Work item: Please retype exactly, and with nothing added, the lines of the material from the one with "this 1656×2048 image." through the final one.

__________________________________________________

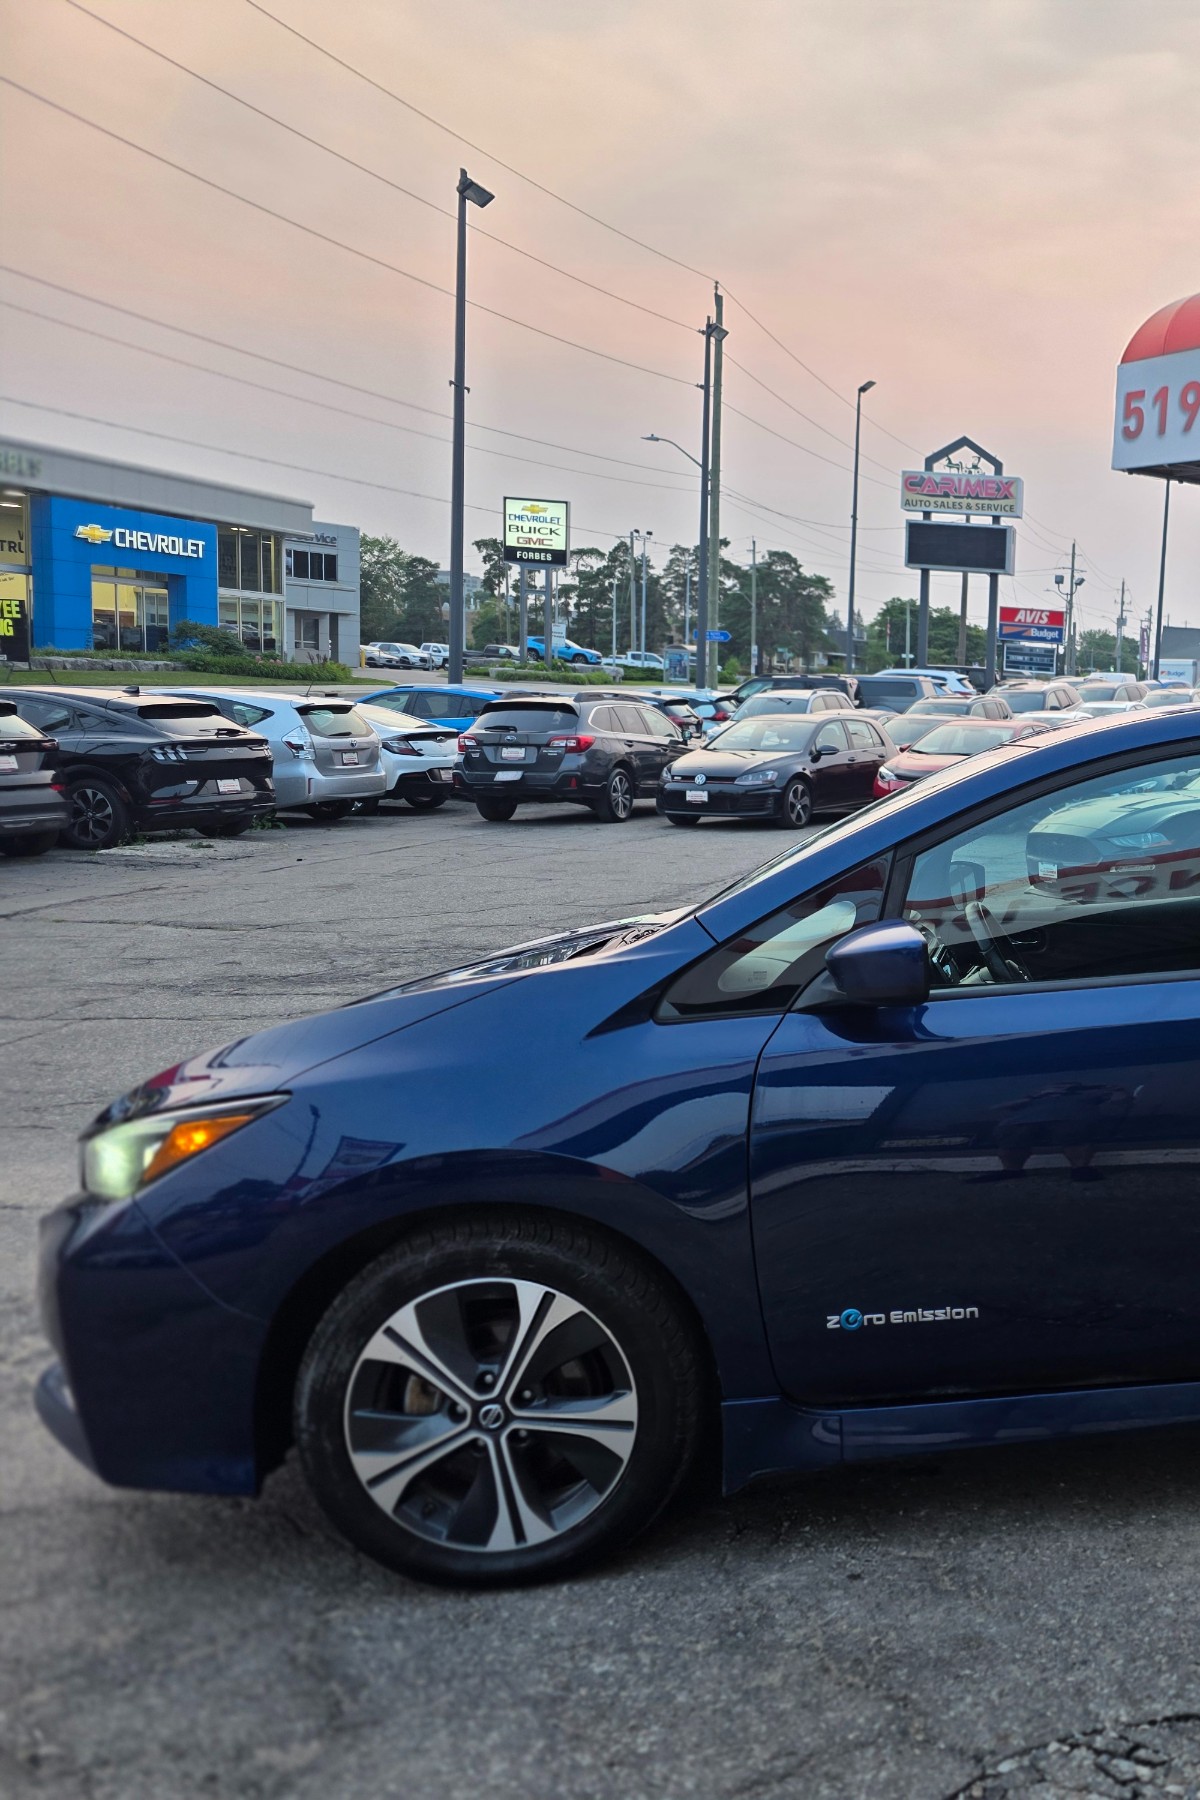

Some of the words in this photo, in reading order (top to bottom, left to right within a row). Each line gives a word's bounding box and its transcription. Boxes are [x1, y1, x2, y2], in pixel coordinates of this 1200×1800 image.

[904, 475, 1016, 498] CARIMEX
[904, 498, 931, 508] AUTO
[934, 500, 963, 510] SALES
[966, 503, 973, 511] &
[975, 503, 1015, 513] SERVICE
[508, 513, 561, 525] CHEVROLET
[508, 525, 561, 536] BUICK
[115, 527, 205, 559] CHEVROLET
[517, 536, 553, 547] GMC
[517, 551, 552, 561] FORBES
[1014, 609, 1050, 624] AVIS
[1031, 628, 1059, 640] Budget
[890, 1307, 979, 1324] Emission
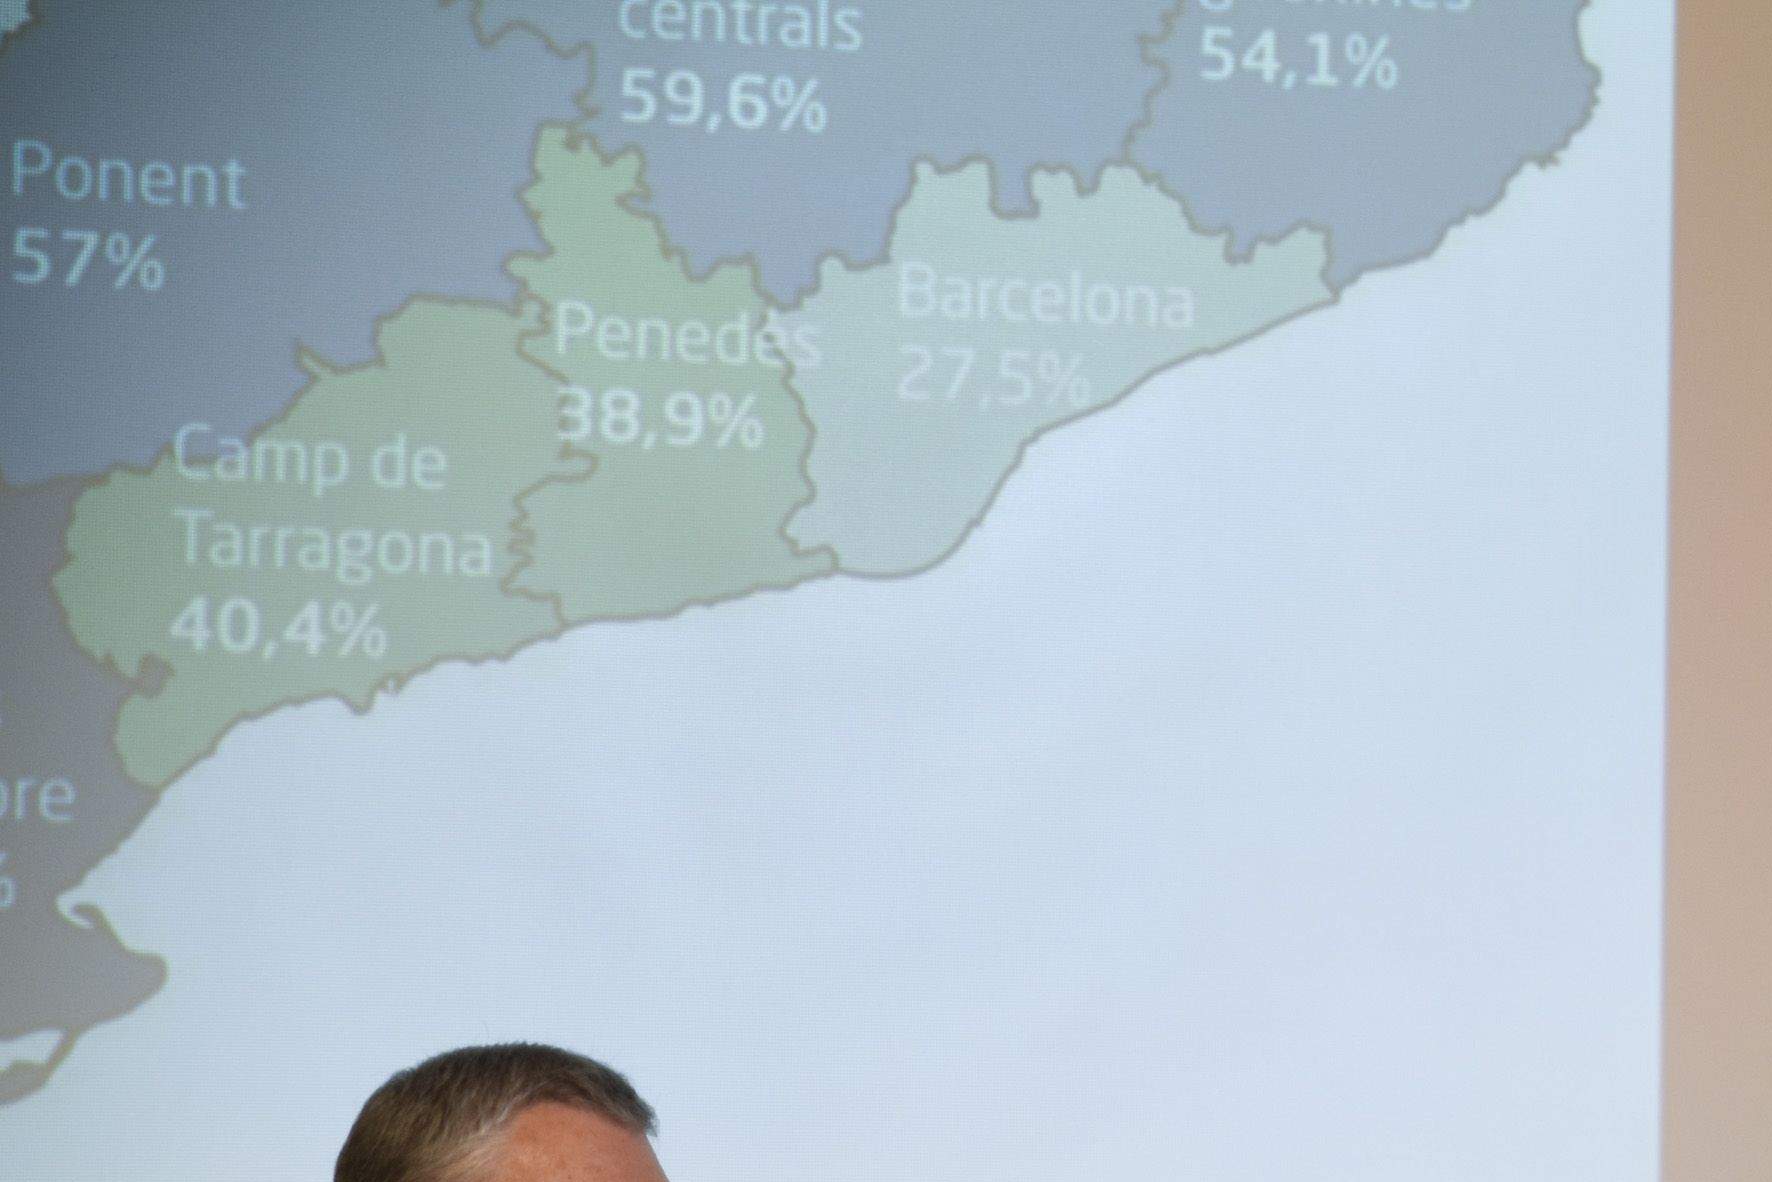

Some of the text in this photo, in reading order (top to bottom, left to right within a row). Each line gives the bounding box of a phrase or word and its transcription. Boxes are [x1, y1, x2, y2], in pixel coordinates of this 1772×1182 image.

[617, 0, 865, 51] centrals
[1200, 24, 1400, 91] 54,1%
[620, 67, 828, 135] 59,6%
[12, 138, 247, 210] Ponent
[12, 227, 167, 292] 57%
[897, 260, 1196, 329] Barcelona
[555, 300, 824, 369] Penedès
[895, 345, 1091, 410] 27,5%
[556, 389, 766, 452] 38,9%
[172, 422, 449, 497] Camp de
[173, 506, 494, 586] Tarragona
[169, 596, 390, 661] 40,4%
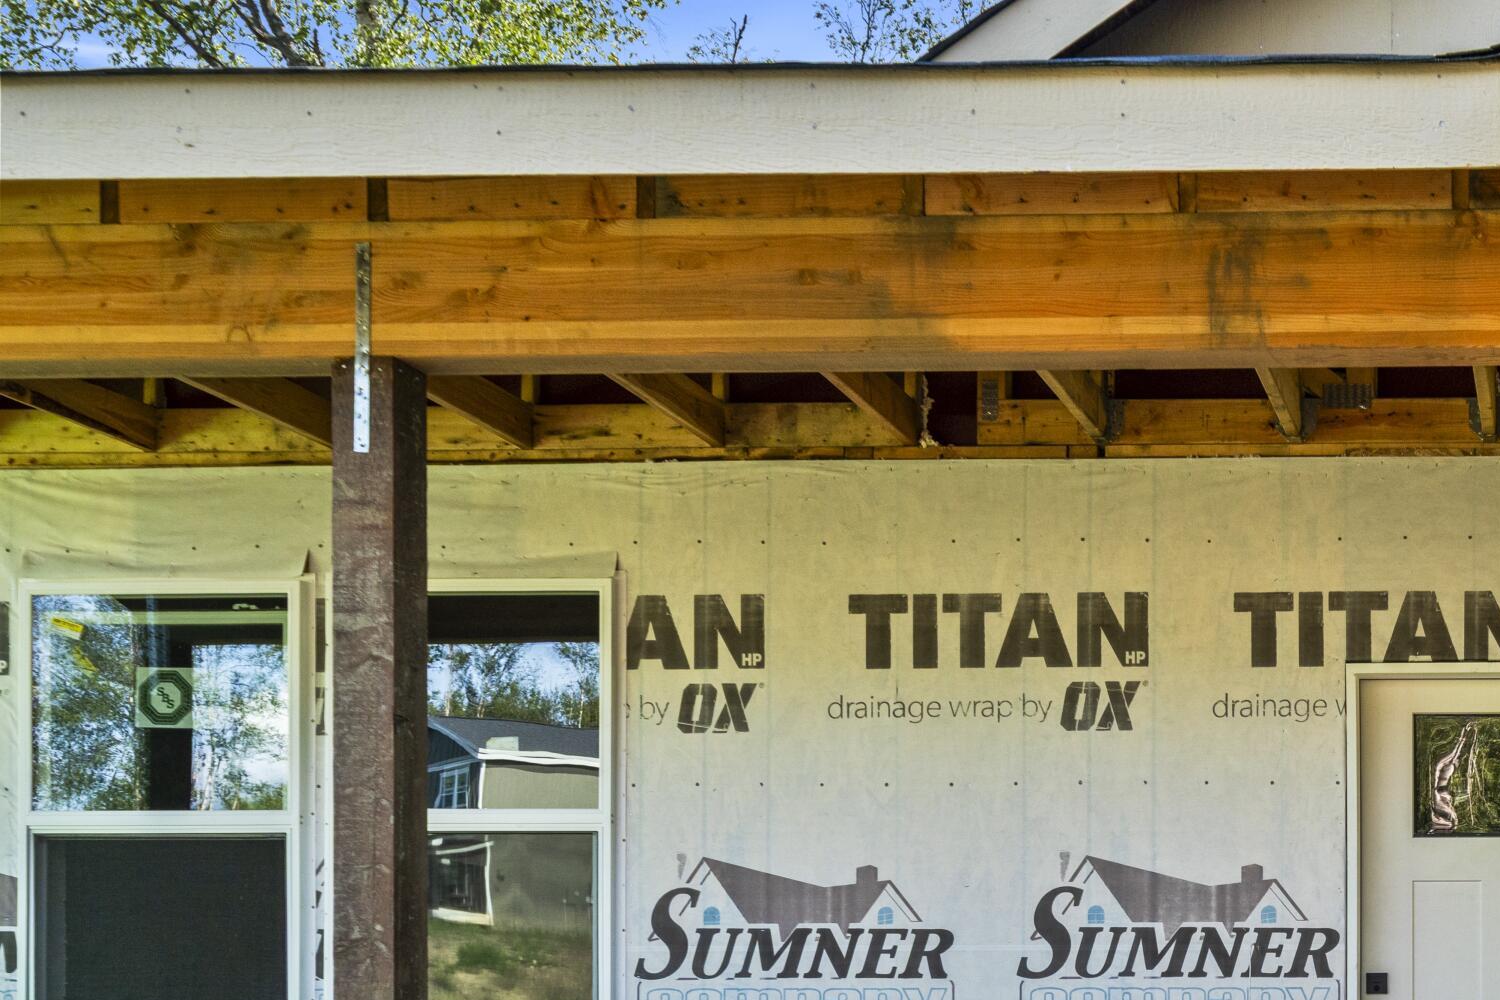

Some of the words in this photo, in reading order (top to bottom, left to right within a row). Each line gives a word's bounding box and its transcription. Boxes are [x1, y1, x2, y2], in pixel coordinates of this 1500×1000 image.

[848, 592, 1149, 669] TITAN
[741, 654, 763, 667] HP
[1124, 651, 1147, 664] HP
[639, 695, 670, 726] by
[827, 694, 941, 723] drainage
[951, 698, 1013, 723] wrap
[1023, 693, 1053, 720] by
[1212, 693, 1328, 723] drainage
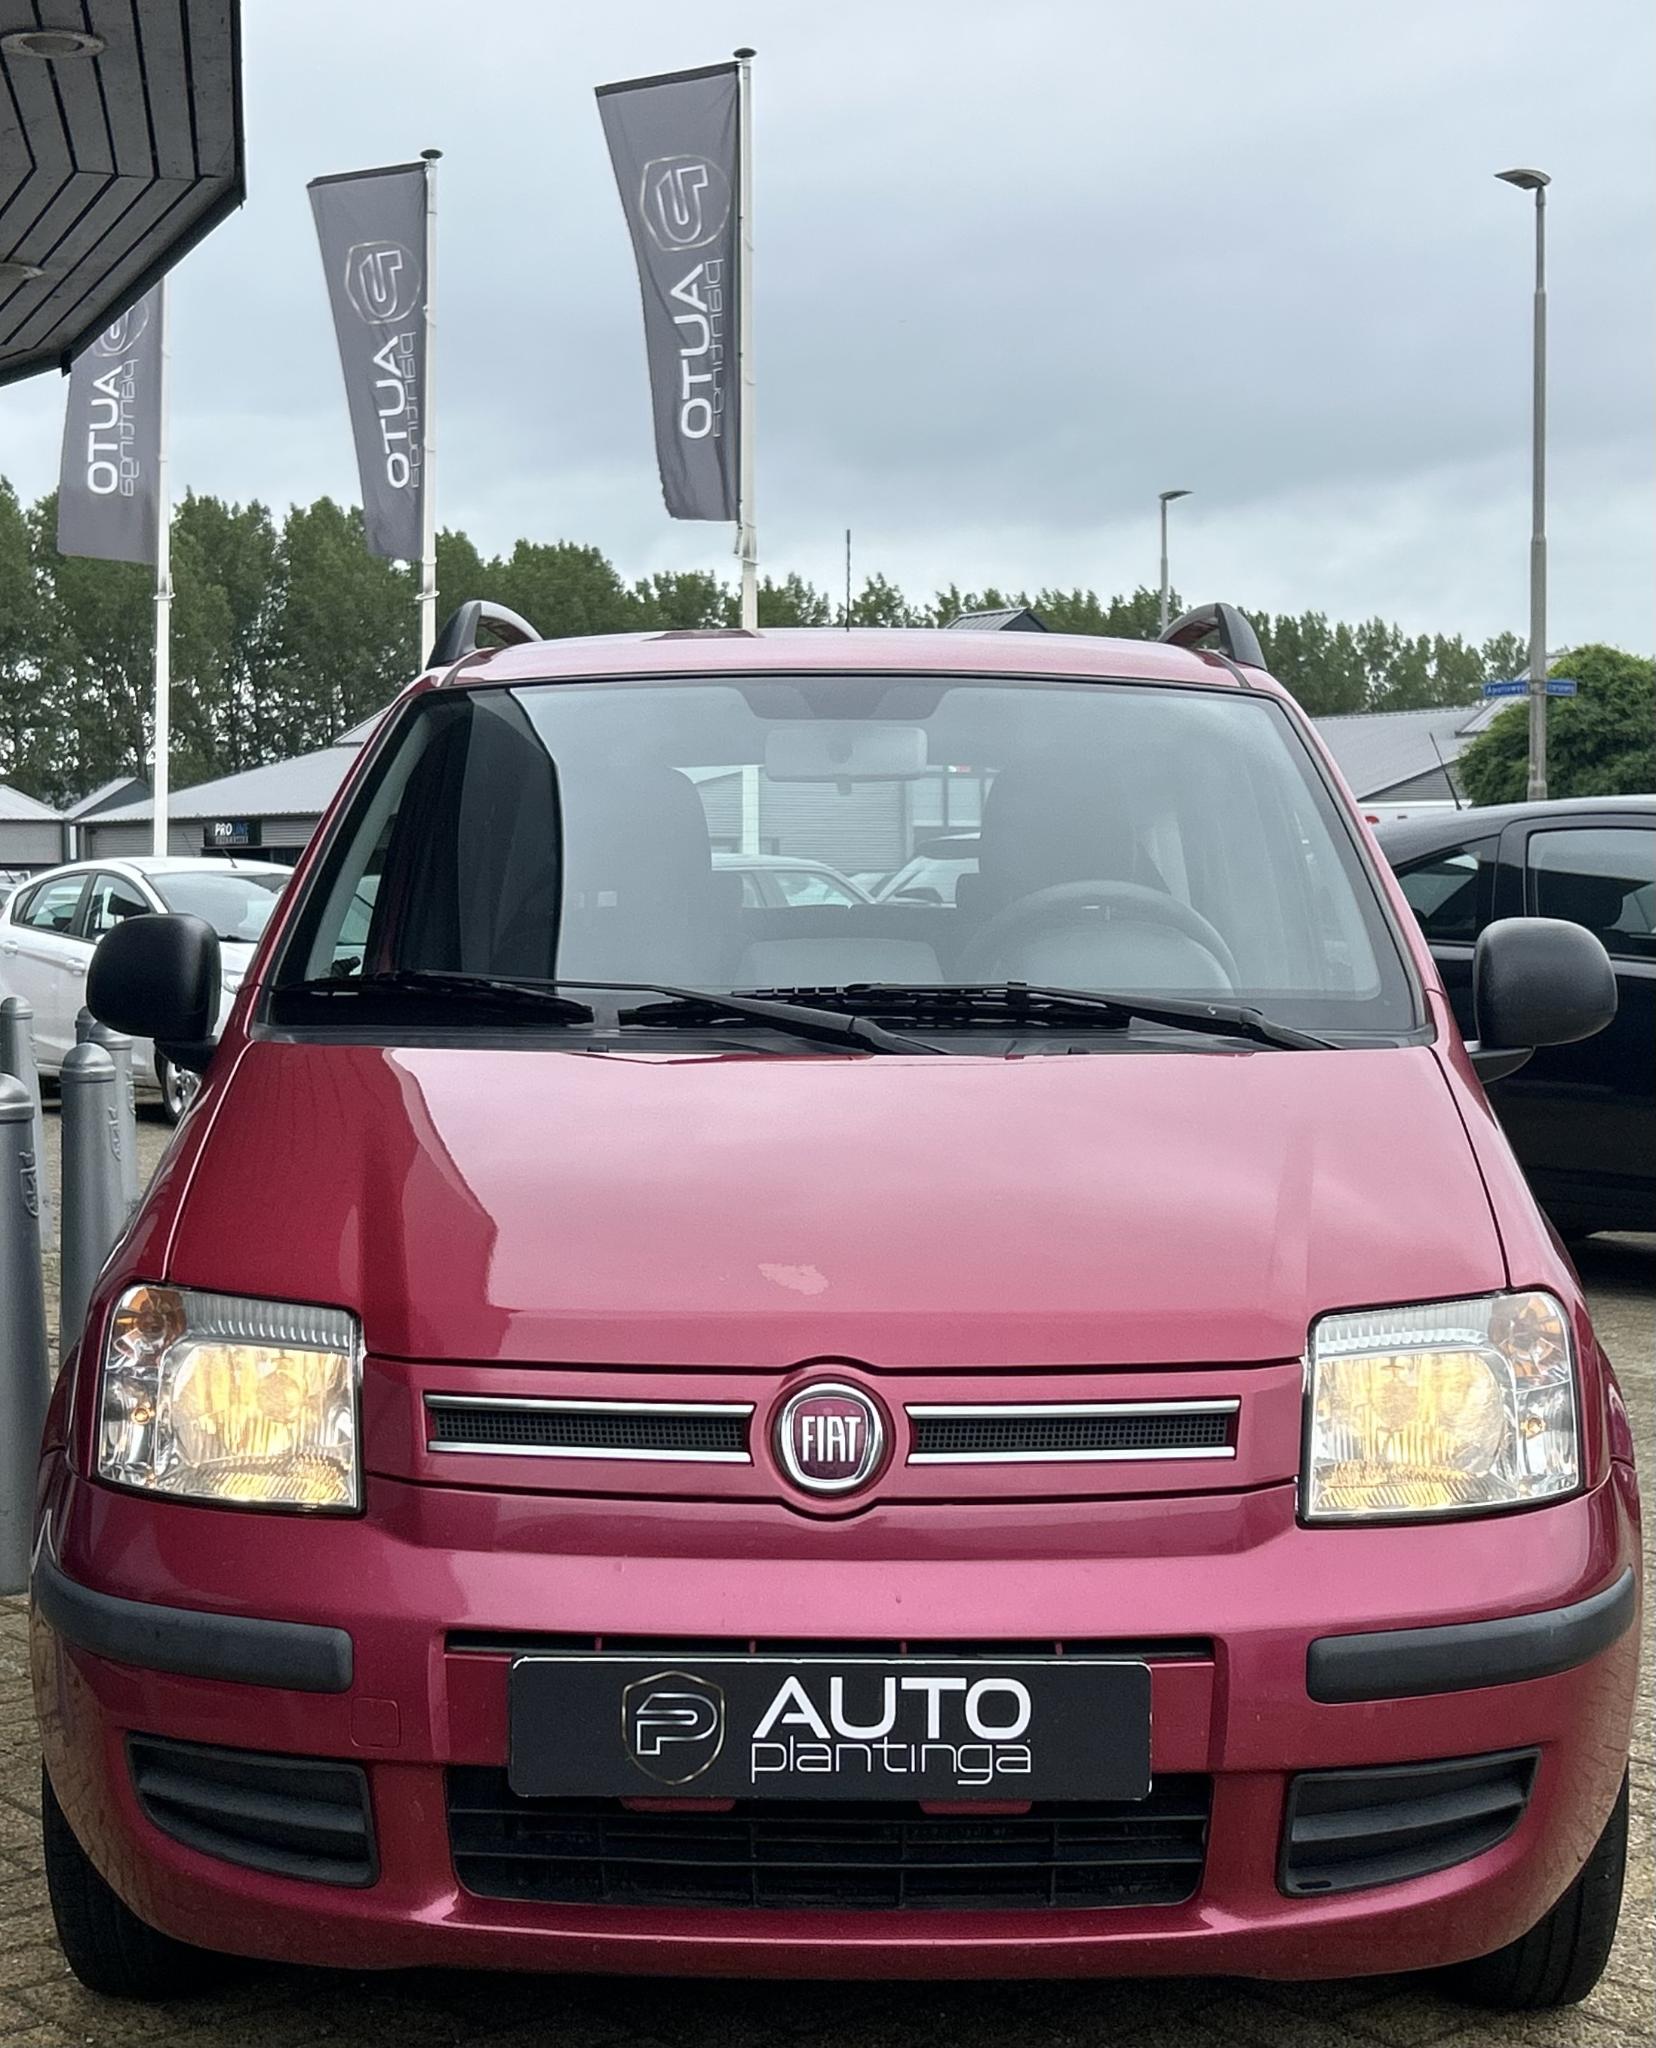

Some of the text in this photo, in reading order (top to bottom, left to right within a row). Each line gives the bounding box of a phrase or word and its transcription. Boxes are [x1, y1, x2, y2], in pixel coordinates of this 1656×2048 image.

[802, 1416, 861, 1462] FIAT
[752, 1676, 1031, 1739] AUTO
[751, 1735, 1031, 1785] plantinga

__________________________________________________

Result below:
Some of the text in this photo, in reading order (top to bottom, left to right within a row). Each line gives the bounding box of a phrase or word and its transcription. Boxes are [x1, y1, x2, y2], in pixel coordinates of this 1656×2048 image.

[802, 1416, 861, 1462] FIAT
[752, 1676, 1031, 1739] AUTO
[751, 1735, 1031, 1785] plantinga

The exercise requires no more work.